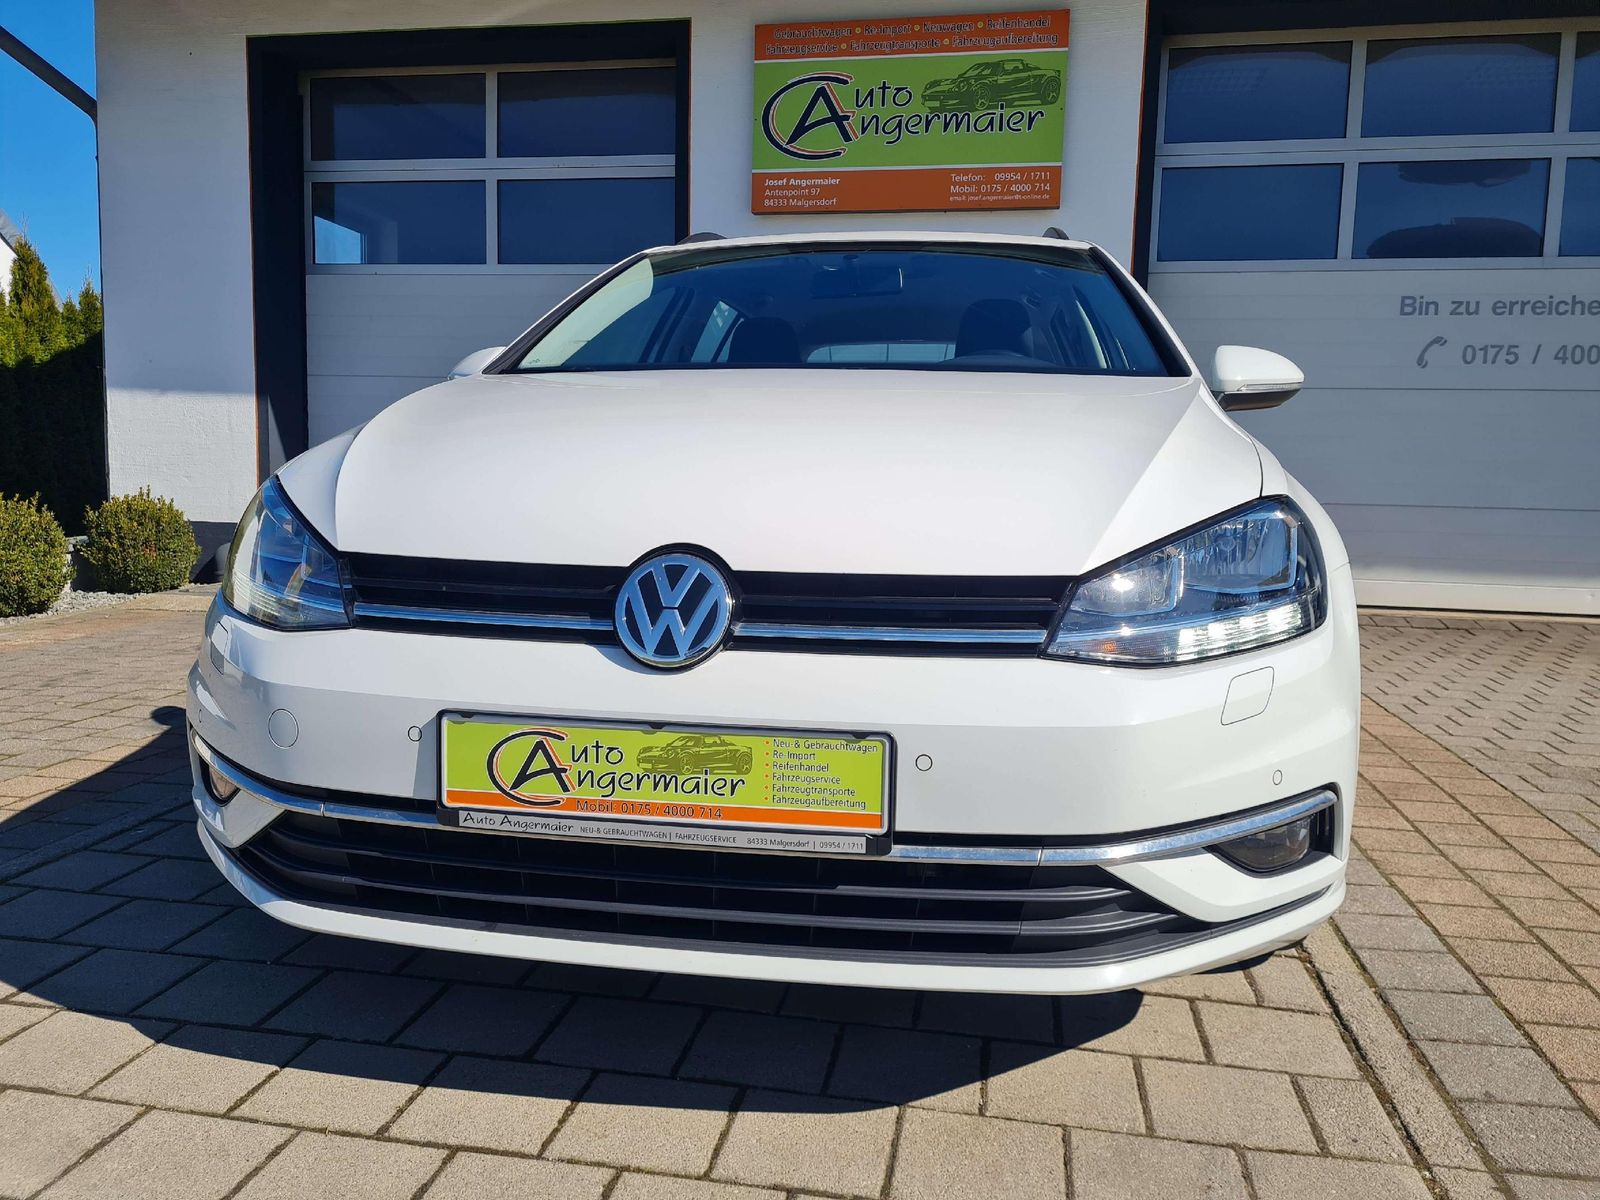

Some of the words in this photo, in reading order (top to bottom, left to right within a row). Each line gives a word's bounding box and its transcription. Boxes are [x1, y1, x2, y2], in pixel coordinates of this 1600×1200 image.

[774, 27, 852, 39] Gebrauchtwagen
[864, 24, 911, 36] Re-Import
[923, 21, 974, 33] Neuwagen
[986, 16, 1050, 29] Reifenhandel
[766, 43, 838, 55] Fahrzeugservice
[850, 38, 940, 53] Fahrzeugtransporte
[952, 33, 1058, 48] Fahrzeugaufbereitung
[764, 178, 788, 186] Josef
[789, 177, 841, 187] Angermaier
[950, 173, 986, 182] Telefon:
[994, 172, 1021, 181] 09954
[1030, 171, 1050, 180] 1711
[764, 188, 809, 197] Antenpoint
[810, 187, 820, 196] 97
[950, 185, 978, 193] Mobil:
[980, 184, 1002, 193] 0175
[1010, 183, 1032, 192] 4000
[1034, 183, 1050, 191] 714
[764, 198, 788, 207] 84333
[789, 197, 837, 208] Malgersdorf
[1399, 295, 1439, 316] Bin
[1448, 299, 1481, 316] zu
[1461, 343, 1520, 365] 0175
[1531, 343, 1543, 365] /
[615, 553, 732, 667] VW
[803, 740, 878, 754] Gebrauchtwagen
[773, 750, 816, 761] Re-Import
[772, 761, 829, 772] Reifenhandel
[772, 772, 841, 785] Fahrzeugservice
[772, 783, 856, 797] Fahrzeugtransporte
[576, 799, 616, 813] Mobil:
[621, 802, 651, 815] 0175
[663, 805, 695, 817] 4000
[700, 806, 722, 819] 714
[772, 795, 866, 810] Fahrzeugaufbereitung
[463, 811, 496, 826] Auto
[500, 815, 574, 832] Angermaier
[602, 827, 668, 840] GEBRAUCHTWAGEN
[675, 832, 737, 844] FAHRZEUGSERVICE
[746, 837, 768, 846] 84333
[769, 838, 811, 848] Malgersdorf
[819, 841, 841, 850] 09954
[847, 842, 864, 850] 1711
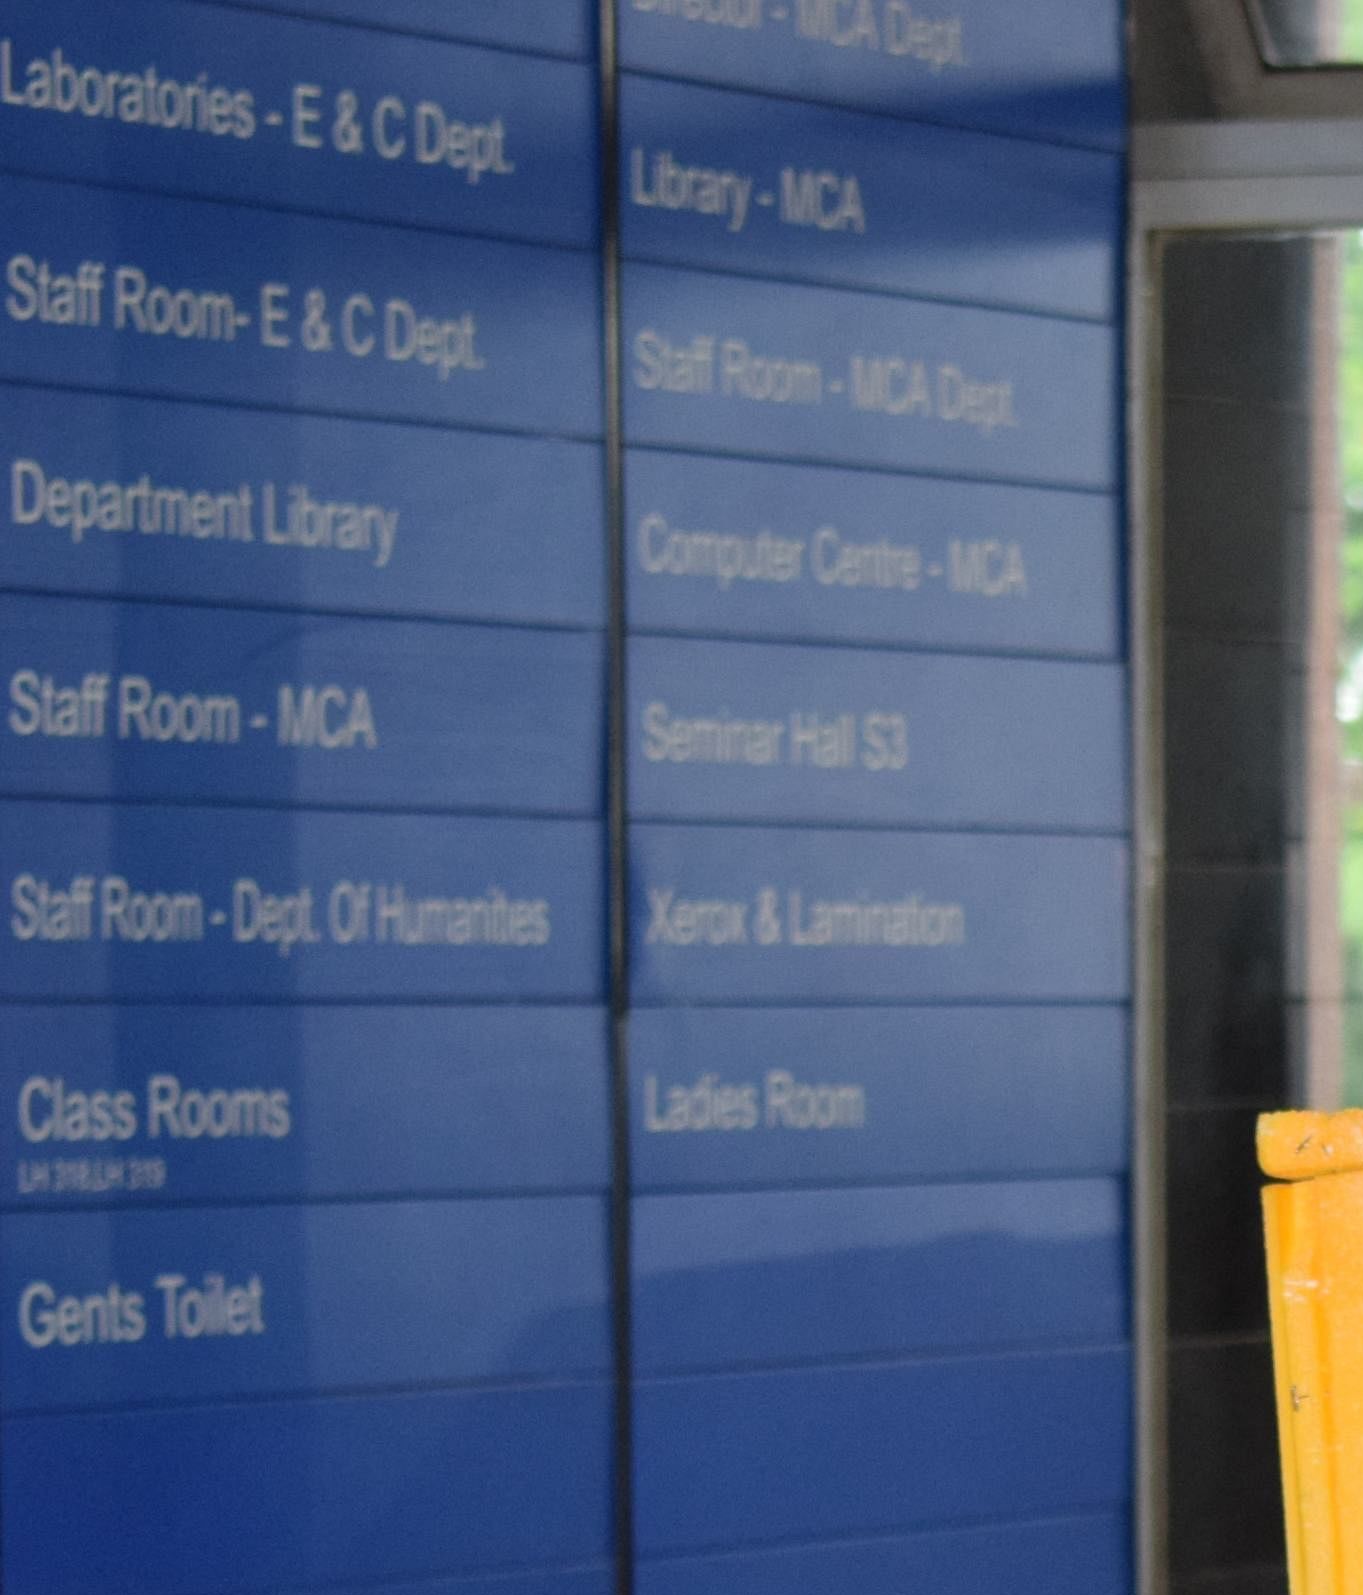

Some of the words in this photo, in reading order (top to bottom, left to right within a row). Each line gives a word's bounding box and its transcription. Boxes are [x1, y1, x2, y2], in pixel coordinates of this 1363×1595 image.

[1, 39, 255, 138] Laboratories
[293, 84, 322, 148] E
[333, 90, 363, 154] &
[372, 96, 405, 159] C
[415, 104, 514, 184] Dept.
[631, 147, 751, 233] Library
[780, 166, 867, 234] MCA
[7, 254, 104, 326] Staff
[261, 283, 291, 348] E
[303, 288, 334, 352] &
[342, 294, 375, 357] C
[385, 299, 486, 382] Dept.
[634, 328, 714, 395] Staff
[721, 338, 823, 404] Room
[851, 354, 932, 417] MCA
[11, 459, 254, 544] Department
[262, 482, 400, 568] Library
[638, 511, 805, 591] Computer
[811, 525, 922, 592] Centre
[948, 537, 1029, 598] MCA
[9, 669, 109, 738] Staff
[118, 675, 240, 743] Room
[277, 683, 378, 748] MCA
[641, 701, 786, 766] Seminar
[790, 709, 857, 770] Hall
[10, 872, 95, 941] Staff
[103, 876, 202, 941] Room
[233, 878, 320, 958] Dept.
[329, 880, 373, 943] Of
[377, 880, 550, 946] Humanities
[645, 885, 748, 946] Xerox
[755, 884, 782, 946] &
[788, 890, 967, 947] Lamination
[18, 1075, 137, 1142] Class
[147, 1074, 291, 1140] Rooms
[643, 1072, 758, 1133] Ladies
[763, 1066, 866, 1131] Room
[19, 1281, 146, 1349] Gents
[157, 1273, 266, 1339] Toilet

:::

§ Exercise requirements
Each word of the data should be repeated exactly, and the pictures left out.

§ Response to this task
Some of the words in this photo, in reading order (top to bottom, left to right within a row). Each line gives a word's bounding box and its transcription. Boxes are [x1, y1, x2, y2], in pixel coordinates of this 1600×1200 image.

[774, 27, 852, 39] Gebrauchtwagen
[864, 24, 911, 36] Re-Import
[923, 21, 974, 33] Neuwagen
[986, 16, 1050, 29] Reifenhandel
[766, 43, 838, 55] Fahrzeugservice
[850, 38, 940, 53] Fahrzeugtransporte
[952, 33, 1058, 48] Fahrzeugaufbereitung
[764, 178, 788, 186] Josef
[789, 177, 841, 187] Angermaier
[950, 173, 986, 182] Telefon:
[994, 172, 1021, 181] 09954
[1030, 171, 1050, 180] 1711
[764, 188, 809, 197] Antenpoint
[810, 187, 820, 196] 97
[950, 185, 978, 193] Mobil:
[980, 184, 1002, 193] 0175
[1010, 183, 1032, 192] 4000
[1034, 183, 1050, 191] 714
[764, 198, 788, 207] 84333
[789, 197, 837, 208] Malgersdorf
[1399, 295, 1439, 316] Bin
[1448, 299, 1481, 316] zu
[1461, 343, 1520, 365] 0175
[1531, 343, 1543, 365] /
[615, 553, 732, 667] VW
[803, 740, 878, 754] Gebrauchtwagen
[773, 750, 816, 761] Re-Import
[772, 761, 829, 772] Reifenhandel
[772, 772, 841, 785] Fahrzeugservice
[772, 783, 856, 797] Fahrzeugtransporte
[576, 799, 616, 813] Mobil:
[621, 802, 651, 815] 0175
[663, 805, 695, 817] 4000
[700, 806, 722, 819] 714
[772, 795, 866, 810] Fahrzeugaufbereitung
[463, 811, 496, 826] Auto
[500, 815, 574, 832] Angermaier
[602, 827, 668, 840] GEBRAUCHTWAGEN
[675, 832, 737, 844] FAHRZEUGSERVICE
[746, 837, 768, 846] 84333
[769, 838, 811, 848] Malgersdorf
[819, 841, 841, 850] 09954
[847, 842, 864, 850] 1711

Some of the words in this photo, in reading order (top to bottom, left to right within a row). Each line gives a word's bounding box and its transcription. Boxes are [x1, y1, x2, y2], in pixel coordinates of this 1363×1595 image.

[1, 39, 255, 138] Laboratories
[293, 84, 322, 148] E
[333, 90, 363, 154] &
[372, 96, 405, 159] C
[415, 104, 514, 184] Dept.
[631, 147, 751, 233] Library
[780, 166, 867, 234] MCA
[7, 254, 104, 326] Staff
[261, 283, 291, 348] E
[303, 288, 334, 352] &
[342, 294, 375, 357] C
[385, 299, 486, 382] Dept.
[634, 328, 714, 395] Staff
[721, 338, 823, 404] Room
[851, 354, 932, 417] MCA
[11, 459, 254, 544] Department
[262, 482, 400, 568] Library
[638, 511, 805, 591] Computer
[811, 525, 922, 592] Centre
[948, 537, 1029, 598] MCA
[9, 669, 109, 738] Staff
[118, 675, 240, 743] Room
[277, 683, 378, 748] MCA
[641, 701, 786, 766] Seminar
[790, 709, 857, 770] Hall
[10, 872, 95, 941] Staff
[103, 876, 202, 941] Room
[233, 878, 320, 958] Dept.
[329, 880, 373, 943] Of
[377, 880, 550, 946] Humanities
[645, 885, 748, 946] Xerox
[755, 884, 782, 946] &
[788, 890, 967, 947] Lamination
[18, 1075, 137, 1142] Class
[147, 1074, 291, 1140] Rooms
[643, 1072, 758, 1133] Ladies
[763, 1066, 866, 1131] Room
[19, 1281, 146, 1349] Gents
[157, 1273, 266, 1339] Toilet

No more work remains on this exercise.